4) If the plywood is not wet to the touch, does not "ooze" or "bleed" moisture if you hit it with a hammer or stick a screwdriver point into some obscure area, and does not start showing mildew or mold, reducing humidity will probably solve the issue. If damp areas or darkening spreads or starts molding, then time to start looking at whether moisture is coming through from behind the wall.

Answered 3 years ago by LCD

1
Vote

Thanks every one for the answers. I could not sleep last night as I was thinking that aliens are making these shapes all over my basement :). I searched yesterday all over the google and could not find any answers. You guys are real experts and I am satisfied that I need a dehumidifier and I have also switched off humidifier on my ac now

Answered 3 years ago by Kapil

3
Votes

Actually, those ARE alien eggs - remember the ones in Alien ? But then, we won't tell you that, because all bloggers are aliens, right ?
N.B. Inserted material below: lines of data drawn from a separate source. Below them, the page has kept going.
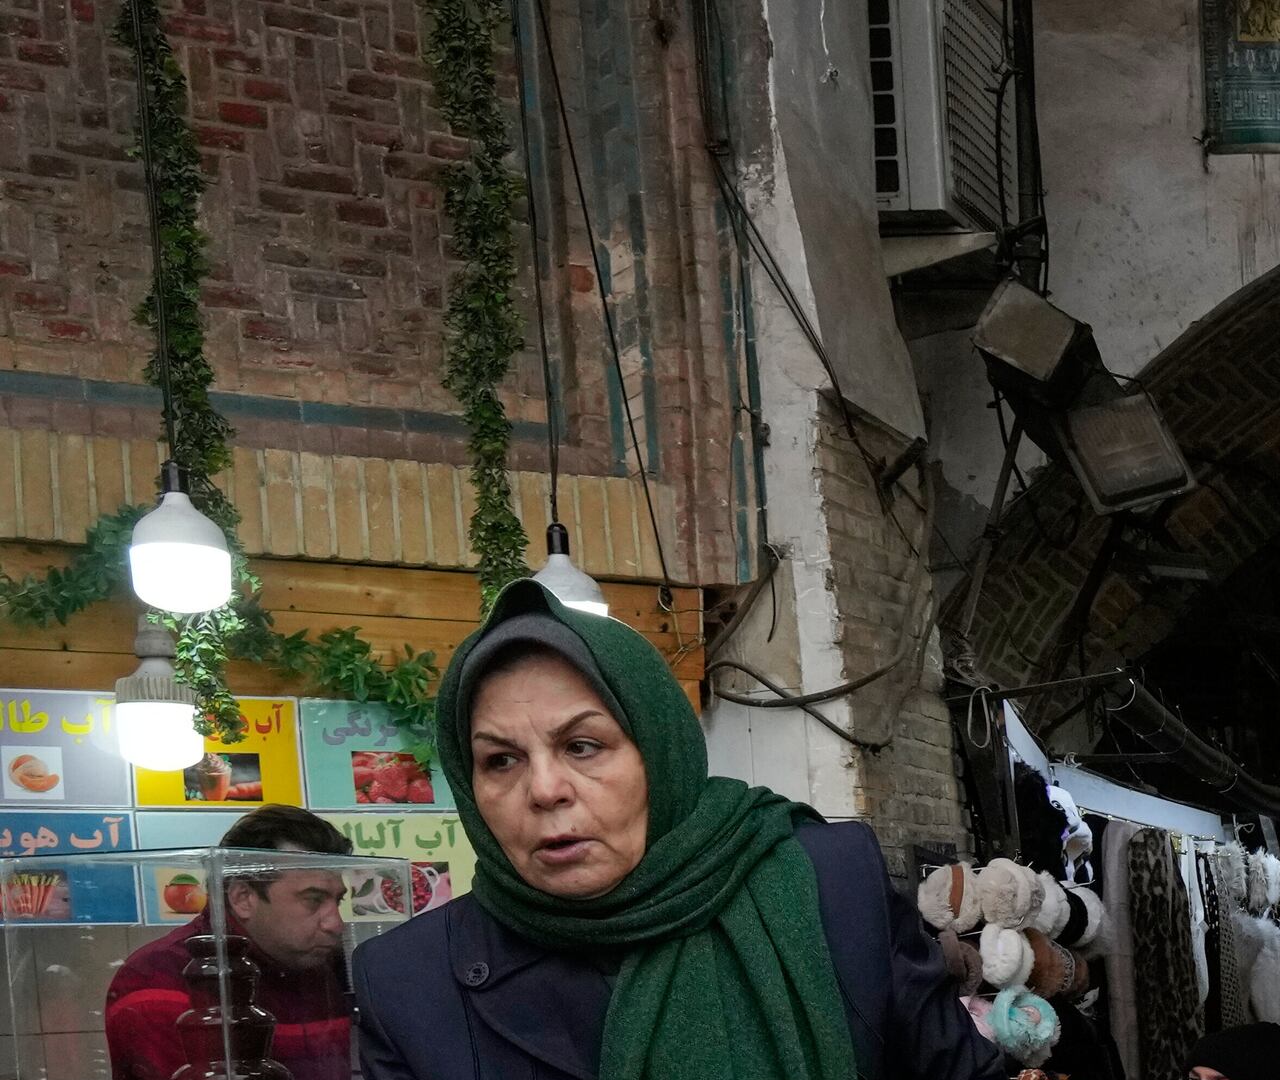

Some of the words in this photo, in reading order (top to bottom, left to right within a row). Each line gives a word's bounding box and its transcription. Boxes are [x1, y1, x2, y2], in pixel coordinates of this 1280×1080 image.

[61, 698, 117, 745] آب
[255, 703, 284, 741] آب
[70, 816, 124, 849] آب
[415, 819, 461, 856] آب
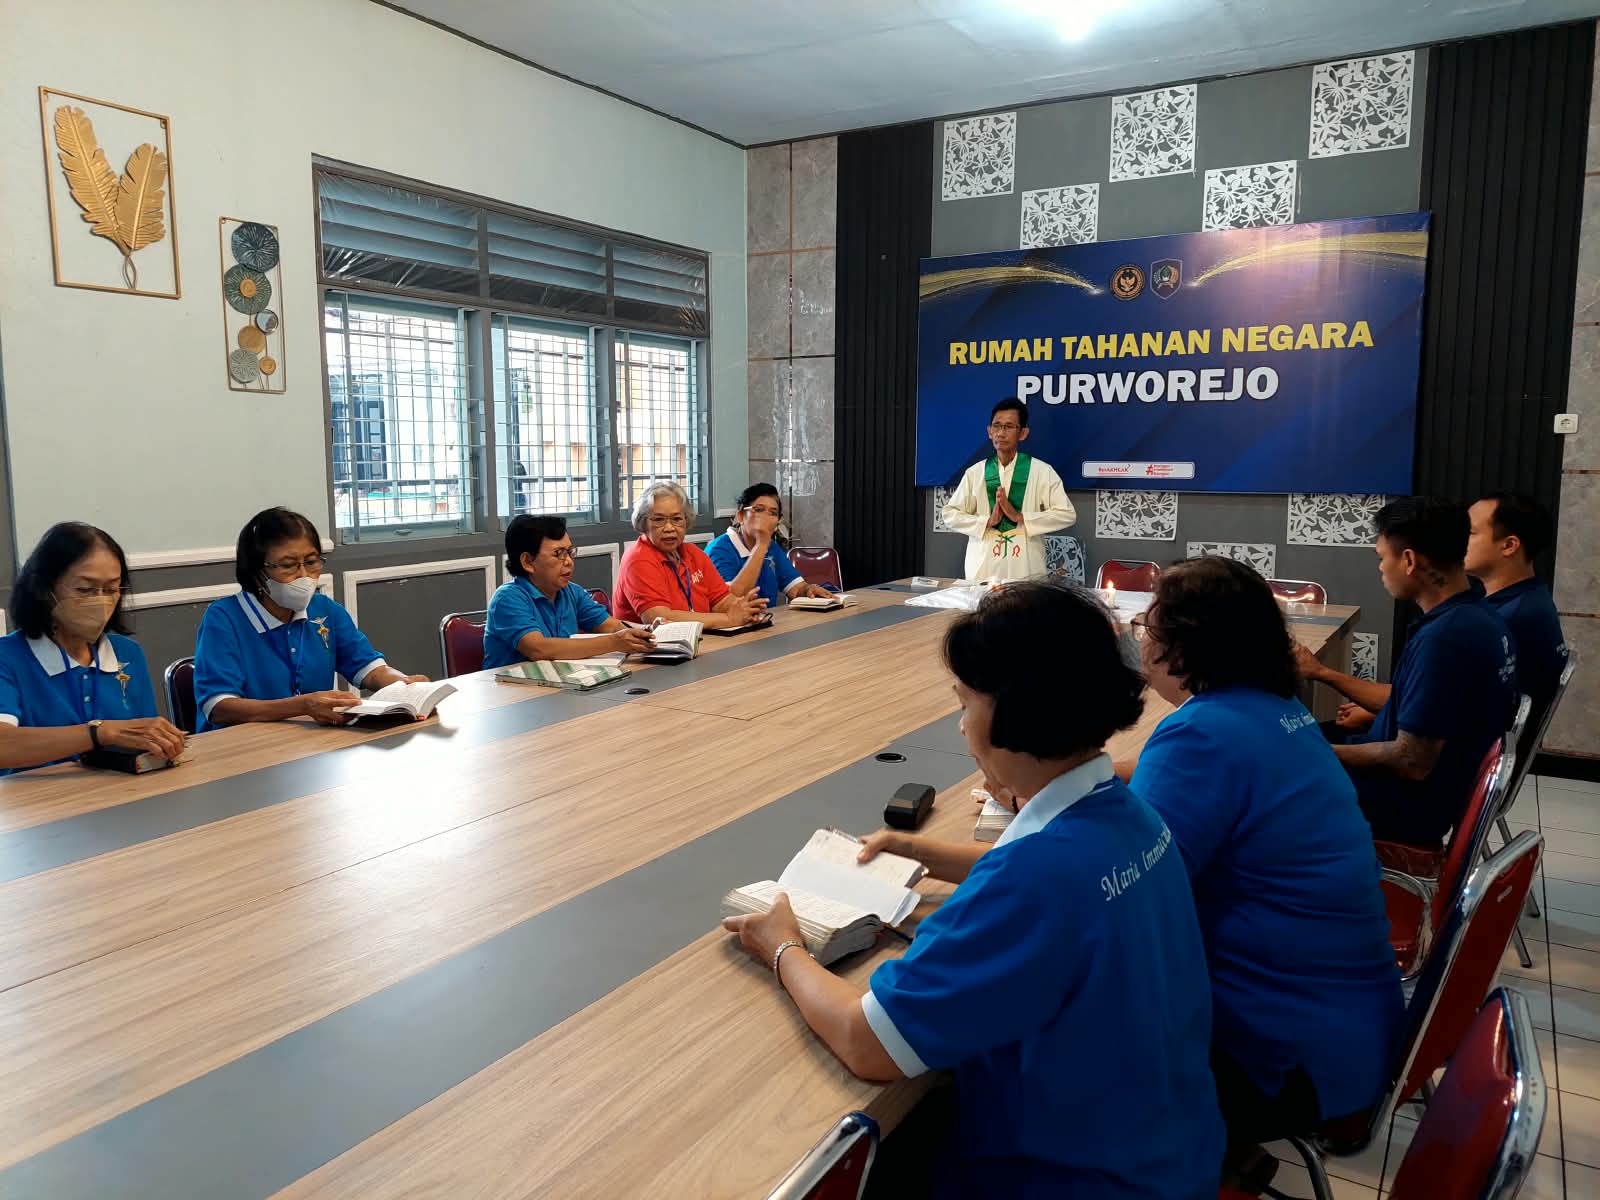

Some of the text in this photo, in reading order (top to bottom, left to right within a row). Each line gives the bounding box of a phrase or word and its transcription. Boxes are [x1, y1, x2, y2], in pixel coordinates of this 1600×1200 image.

[949, 320, 1374, 365] RUMAH TAHANAN NEGARA
[1016, 366, 1280, 405] PURWOREJO
[1100, 860, 1141, 902] Maria
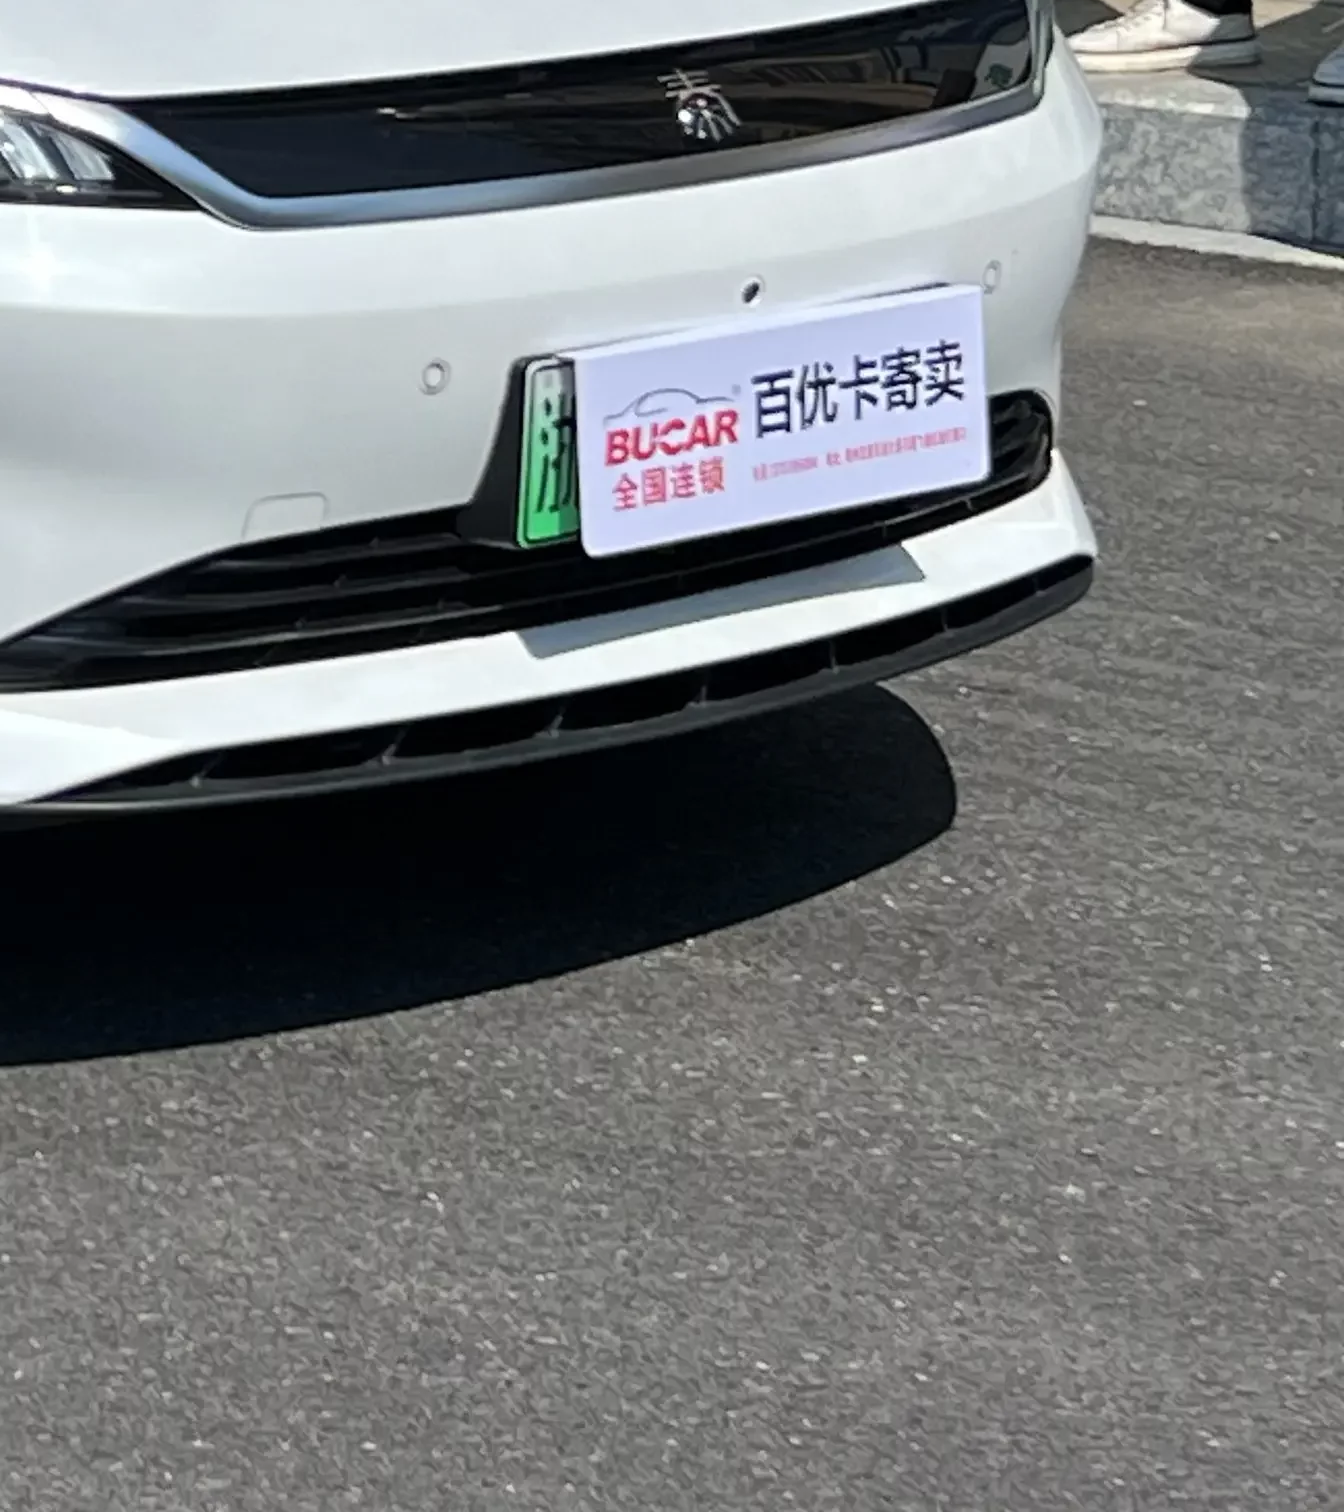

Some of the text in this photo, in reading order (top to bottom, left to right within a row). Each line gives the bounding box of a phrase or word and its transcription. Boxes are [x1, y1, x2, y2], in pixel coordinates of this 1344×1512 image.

[750, 338, 965, 439] 百优卡寄卖
[604, 408, 740, 467] BUCAR
[612, 455, 726, 512] 全国连锁
I would hold off on buying a dehumidifier with its continuing electric cost - if you have not noticed this issue before now, maybe turning off the humidifier in the basement will solve it. For about $10-15 on Amazon or box stores you can buy a dial-type humidity gage, or for about $20-30 a digital one with a programmable high humidity alarm that you could put down there. If your humidity is below 50% you are probably OK - 55-60% is where mold really starts taking off, so 35-45% is generally the "recommended" humidity level in a home or storage area.

IF the gage does not show a dropoff in humidity in a few days with the humidifier off, THEN you can still get a dehumidifier.

Answered 3 years ago by LCD

0
Votes

I always think of them as "little footballs"


Ace Ventura reference.


Answered 3 years ago by Davidhughes

0
Votes

OK David - now you REALLY freaked me out - now I am going to start losing sleep.
I was thinking just normal cute little aliens like the one that cuddled up to Sigourney Weaver, but you are getting WAYYYYY out there in the freaky zone now.